Dogs are like children - you can see their personalities from a very young age indeed, and their personalities tend to stay the same.


----------



## twored (May 25, 2011)

Cockapoodledoo said:


> I was on my own collecting Rufus and so I had to have him in a puppy crate in the back of our VW Transporter minibus. He barked for the whole of the three and a half hour journey home ....... apart from when he was pooping! Next summer when we are planning to go back to Jukee Doodles for another pup I will definitely take my husband and possibly the kids with me so that he or she is cuddled for the journey. Poor Rufus ......but hey, he got over it!
> 
> Karen and Rufus


I'll be doing virtually the same journey next week and will bring husband and daughter along! We're getting a boy from Julia and Stephen (Ziggy dad, Lilly mum) and bringing him back to Woking!


----------



## Sarette (Mar 21, 2011)

:welcome: to the forum twored!

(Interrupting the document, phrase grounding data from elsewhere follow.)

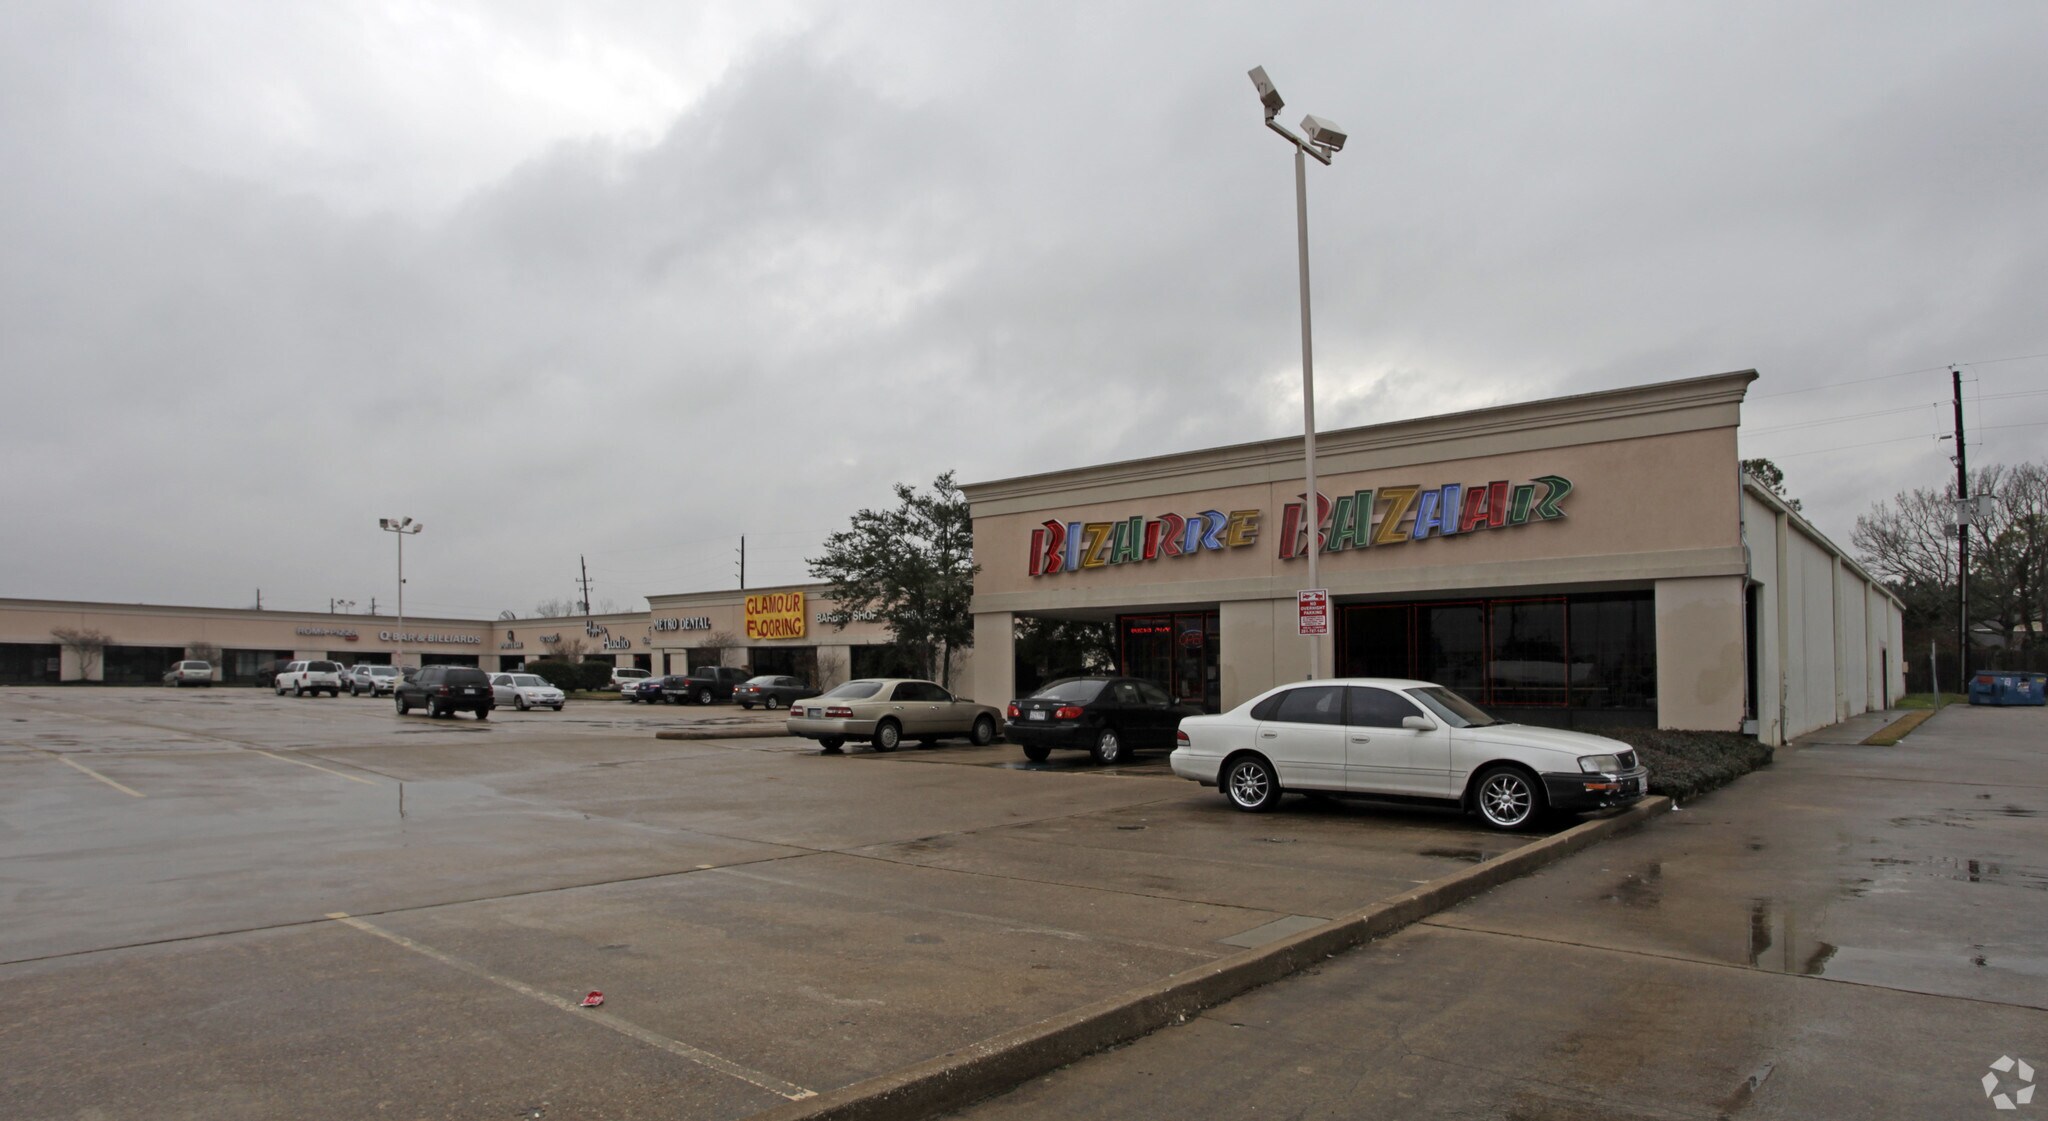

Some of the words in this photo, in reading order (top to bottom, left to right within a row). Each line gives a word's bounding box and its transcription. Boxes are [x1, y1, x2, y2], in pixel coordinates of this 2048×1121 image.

[1029, 509, 1260, 576] BIZARRE
[1279, 475, 1574, 560] BAZAAR
[746, 594, 800, 615] GLAMOUR
[654, 617, 678, 631] METRO
[680, 616, 710, 630] DENTAL
[746, 617, 801, 638] FLOORING
[428, 633, 481, 644] BILLIARDS
[603, 633, 631, 650] Audio

Have you decided on a name for your little guy yet?

I'm off to choose my pup on Saturday, so excited


----------



## Cockapoodledoo (Feb 8, 2011)

twored said:


> I'll be doing virtually the same journey next week and will bring husband and daughter along! We're getting a boy from Julia and Stephen (Ziggy dad, Lilly mum) and bringing him back to Woking!

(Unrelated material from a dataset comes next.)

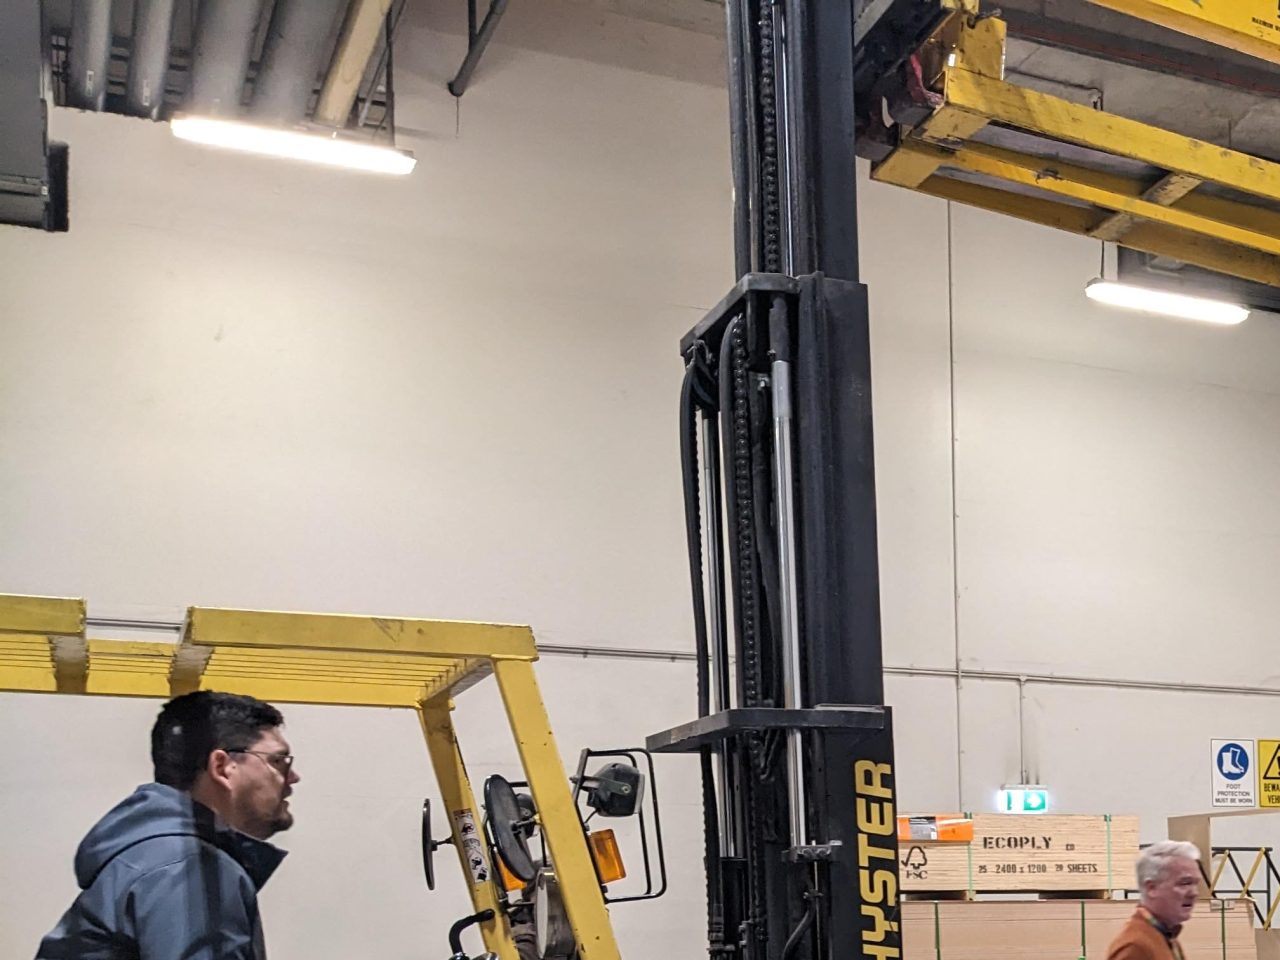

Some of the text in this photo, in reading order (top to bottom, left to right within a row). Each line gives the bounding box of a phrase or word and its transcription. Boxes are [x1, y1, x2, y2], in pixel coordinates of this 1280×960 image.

Oh oh oh! A local Jukee Doodle! Great news! We HAVE to meet up when your little boy is ready to explore the big wide world. We live in West Byfleet. Good plan to take your husband and daughter along for cuddles ......cuddling the puppy that is ... not each other!

Karen and Rufus x


----------



## Mogdog (Feb 6, 2011)

Cockapoodledoo said:


> Oh oh oh! A local Jukee Doodle! Great news! We HAVE to meet up when your little boy is ready to explore the big wide world. We live in West Byfleet. Good plan to take your husband and daughter along for cuddles ......cuddling the puppy that is ... not each other!
> 
> Karen and Rufus x


Oh great, another Surrey JD cockapoo! We live in Dorking and collect our JD pup this August (to go with our non-JD cockapoo). 

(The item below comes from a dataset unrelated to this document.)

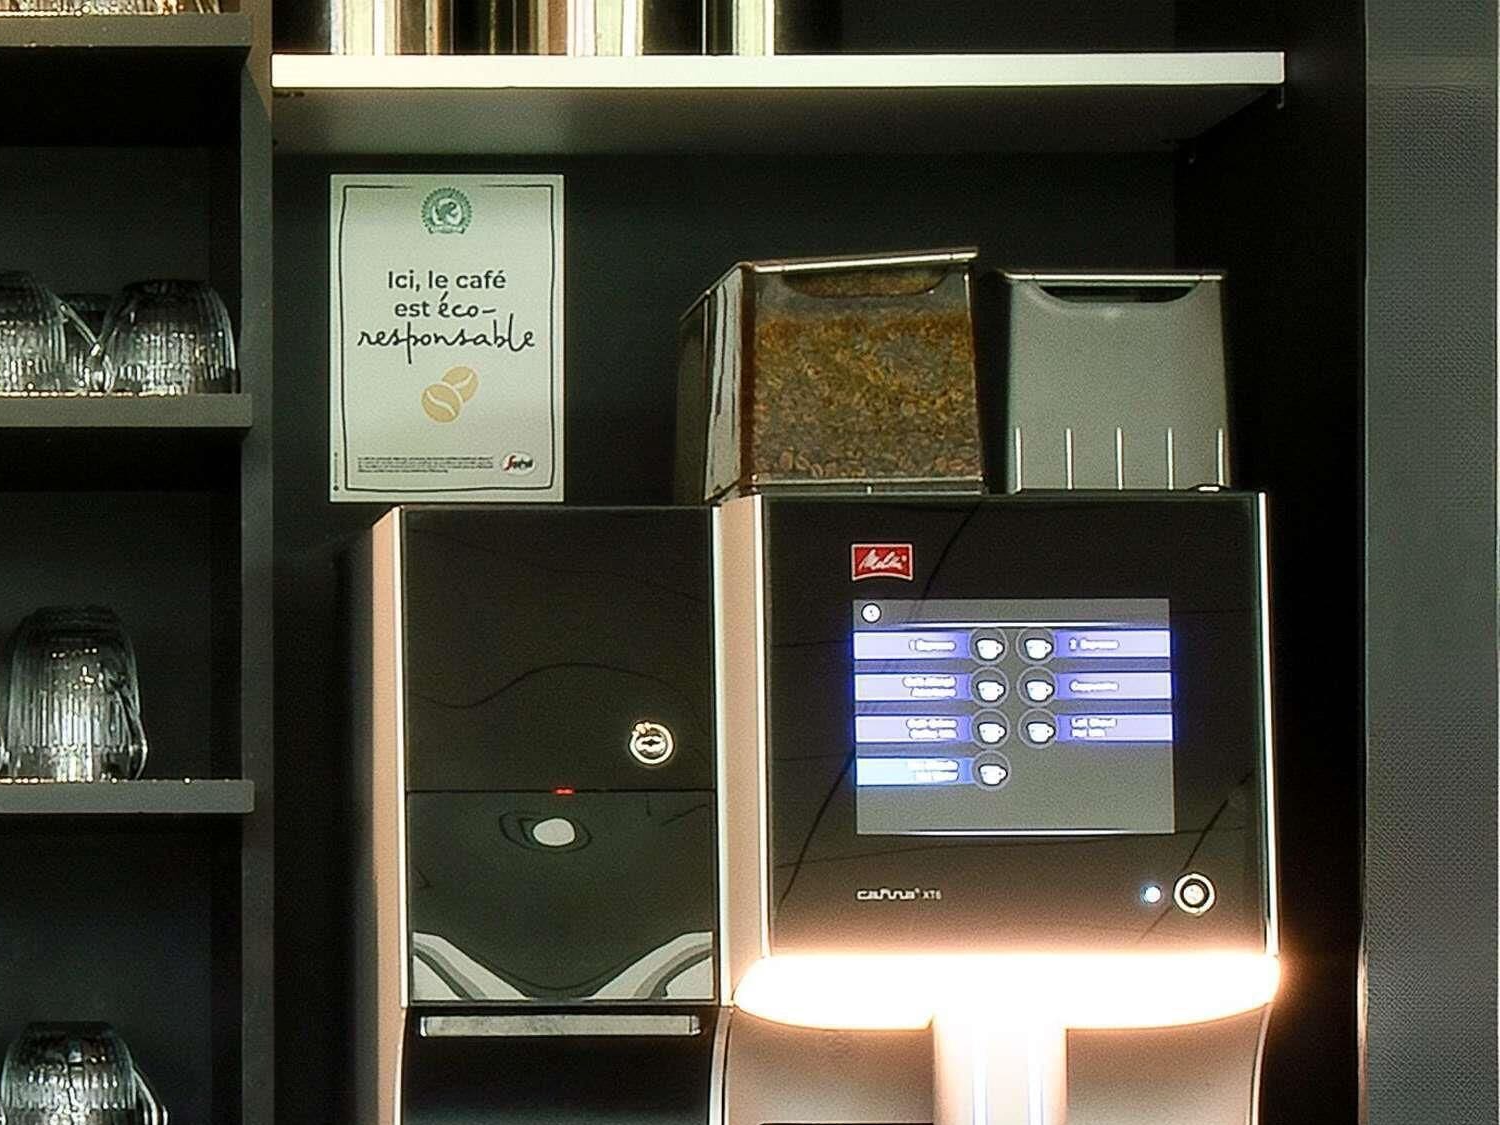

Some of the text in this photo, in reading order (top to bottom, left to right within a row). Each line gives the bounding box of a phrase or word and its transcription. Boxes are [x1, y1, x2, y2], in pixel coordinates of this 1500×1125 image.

[388, 270, 506, 292] Ici, le café
[394, 291, 497, 318] est éco-
[357, 313, 535, 364] responsable

I can see another "meet" coming up at some stage. 

Sue and Maisie x


----------



## JoJo (Mar 2, 2011)

we are becoming JD cockapoo'ed out ha ha ha ... seriously there are so many I am losing track of who has what and who’s getting what... there are so many on here now.. it is crazy and too hectic for me to keep up with. 

Good luck to all soon to be puppy owners xxx


----------



## twored (May 25, 2011)

Thanks for your reply, Karen. We are also in West Byfleet! We collect Teddy Friday July 22nd and he will be "allowed out" from August 8th. 

It'd be great to meet up sometime after that. Can I get in touch then?

Thanks 

Laura (Twored)


----------



## ali-s.j. (Jun 6, 2011)

Hi Laura, my pup Izzy is Teddy's sister, picking her up on Monday


----------



## Happyad (Oct 5, 2010)

Im obviously a control freak lol
Both girls travelled from liverpool to London in their crates on the back seat!
First girl with the other half sat with her. 
Second one a whole lot tougher an journeyed on her own. 
If u wanna crate train, start from the very beginning. Worked well for us


----------